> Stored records
=== Begin Enclosure ===

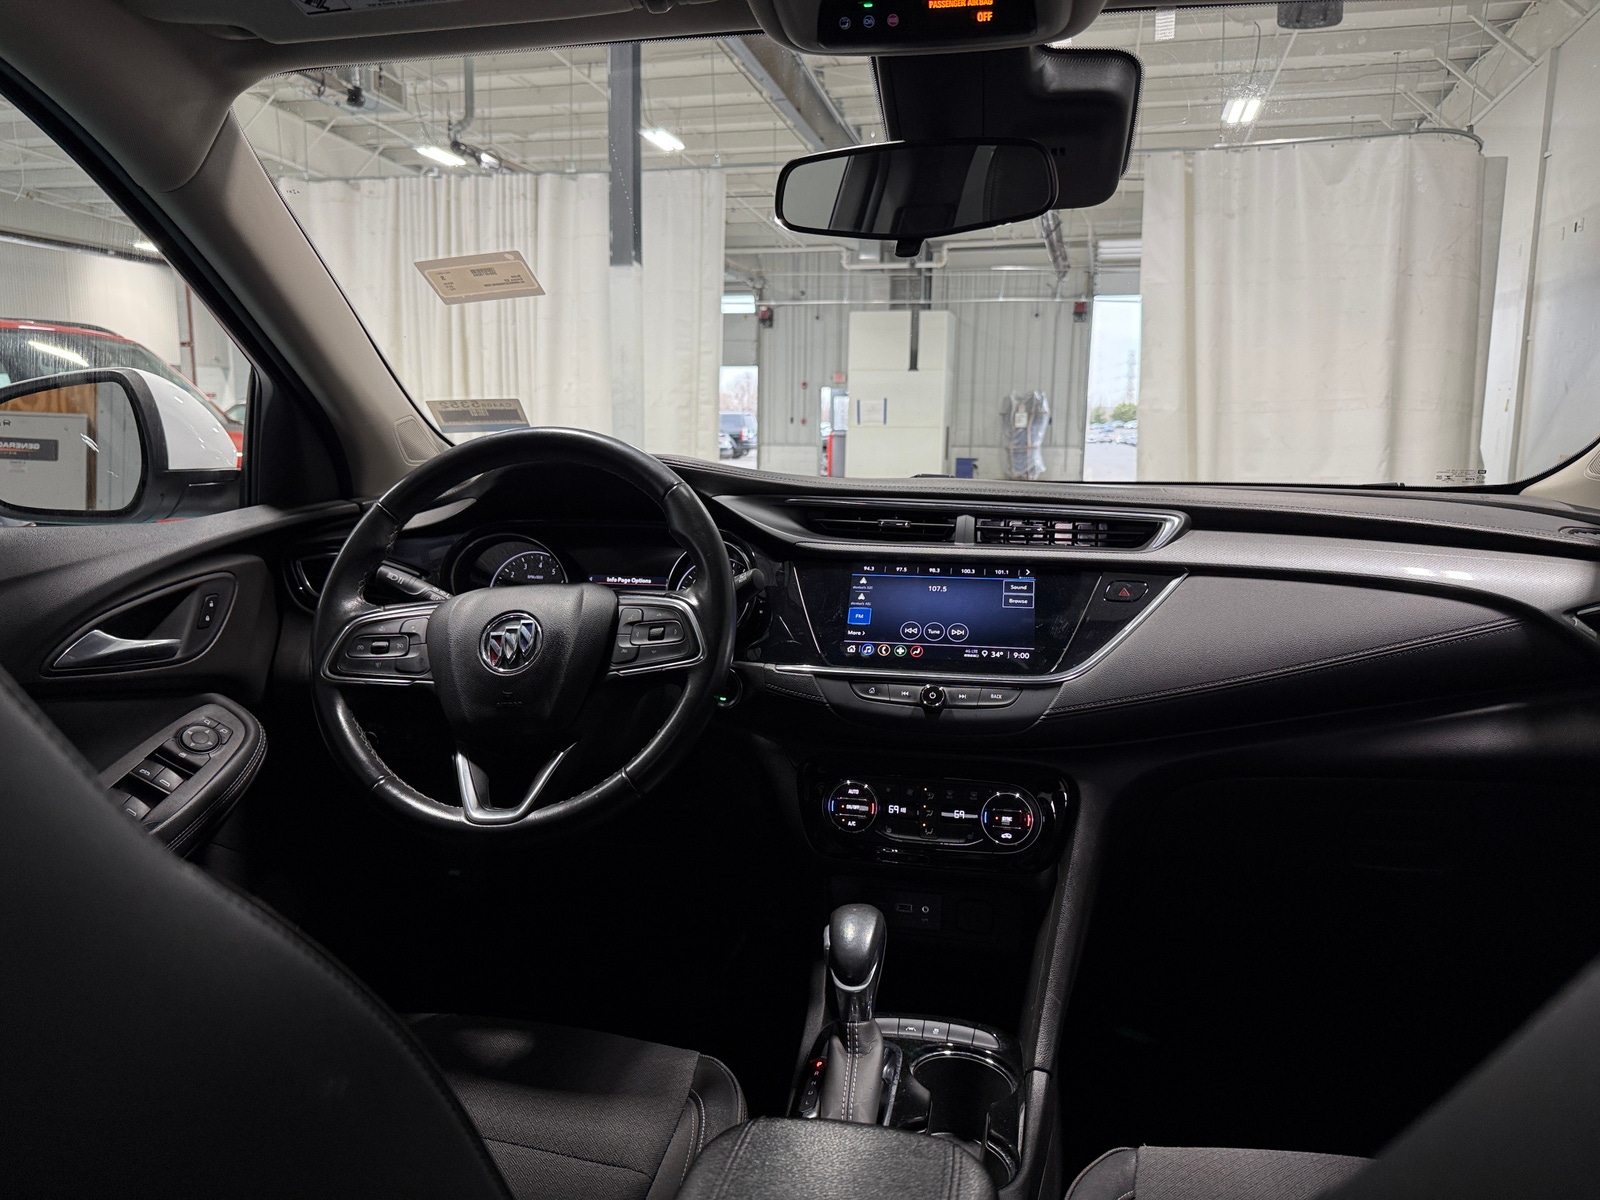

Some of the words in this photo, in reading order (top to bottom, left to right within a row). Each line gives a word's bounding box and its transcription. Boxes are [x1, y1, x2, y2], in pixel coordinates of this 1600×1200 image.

[928, 0, 966, 8] PASSENGER
[976, 12, 993, 22] OFF
[888, 805, 900, 814] 69
[954, 810, 965, 819] 69

=== End Enclosure ===

> WORK REQUEST
All entries above should be returned exactly, apart from their pictures.

> TASK RESULT
Some of the words in this photo, in reading order (top to bottom, left to right within a row). Each line gives a word's bounding box and its transcription. Boxes are [x1, y1, x2, y2], in pixel coordinates of this 1600×1200 image.

[928, 0, 966, 8] PASSENGER
[976, 12, 993, 22] OFF
[888, 805, 900, 814] 69
[954, 810, 965, 819] 69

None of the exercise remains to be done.